===== Data in this exercise =====

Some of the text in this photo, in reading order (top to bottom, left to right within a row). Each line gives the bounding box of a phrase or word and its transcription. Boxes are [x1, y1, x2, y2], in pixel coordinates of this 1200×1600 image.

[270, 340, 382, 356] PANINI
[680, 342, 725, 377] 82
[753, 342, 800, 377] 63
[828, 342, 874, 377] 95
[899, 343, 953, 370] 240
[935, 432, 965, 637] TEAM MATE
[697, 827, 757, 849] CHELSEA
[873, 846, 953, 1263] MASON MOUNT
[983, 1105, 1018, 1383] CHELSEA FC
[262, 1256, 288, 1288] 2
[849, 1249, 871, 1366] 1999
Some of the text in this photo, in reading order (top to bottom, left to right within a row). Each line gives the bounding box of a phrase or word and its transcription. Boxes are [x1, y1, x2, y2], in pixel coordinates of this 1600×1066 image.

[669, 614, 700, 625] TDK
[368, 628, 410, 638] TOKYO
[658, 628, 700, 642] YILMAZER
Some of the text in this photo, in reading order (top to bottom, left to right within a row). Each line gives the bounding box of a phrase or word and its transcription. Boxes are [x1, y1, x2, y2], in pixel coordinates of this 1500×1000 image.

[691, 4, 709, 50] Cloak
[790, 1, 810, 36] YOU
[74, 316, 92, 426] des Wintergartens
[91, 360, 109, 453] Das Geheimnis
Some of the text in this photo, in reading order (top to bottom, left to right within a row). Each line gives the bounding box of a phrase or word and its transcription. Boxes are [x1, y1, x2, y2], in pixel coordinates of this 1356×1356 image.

=====

▶ Aim of the exercise
An exact copy of the listing above is needed, so write it out again.

▶ Exercise solution
Some of the text in this photo, in reading order (top to bottom, left to right within a row). Each line gives the bounding box of a phrase or word and its transcription. Boxes are [x1, y1, x2, y2], in pixel coordinates of this 1200×1600 image.

[270, 340, 382, 356] PANINI
[680, 342, 725, 377] 82
[753, 342, 800, 377] 63
[828, 342, 874, 377] 95
[899, 343, 953, 370] 240
[935, 432, 965, 637] TEAM MATE
[697, 827, 757, 849] CHELSEA
[873, 846, 953, 1263] MASON MOUNT
[983, 1105, 1018, 1383] CHELSEA FC
[262, 1256, 288, 1288] 2
[849, 1249, 871, 1366] 1999
Some of the text in this photo, in reading order (top to bottom, left to right within a row). Each line gives the bounding box of a phrase or word and its transcription. Boxes are [x1, y1, x2, y2], in pixel coordinates of this 1600×1066 image.

[669, 614, 700, 625] TDK
[368, 628, 410, 638] TOKYO
[658, 628, 700, 642] YILMAZER
Some of the text in this photo, in reading order (top to bottom, left to right within a row). Each line gives the bounding box of a phrase or word and its transcription. Boxes are [x1, y1, x2, y2], in pixel coordinates of this 1500×1000 image.

[691, 4, 709, 50] Cloak
[790, 1, 810, 36] YOU
[74, 316, 92, 426] des Wintergartens
[91, 360, 109, 453] Das Geheimnis
Some of the text in this photo, in reading order (top to bottom, left to right within a row). Each line gives the bounding box of a phrase or word and its transcription. Boxes are [x1, y1, x2, y2], in pixel coordinates of this 1356×1356 image.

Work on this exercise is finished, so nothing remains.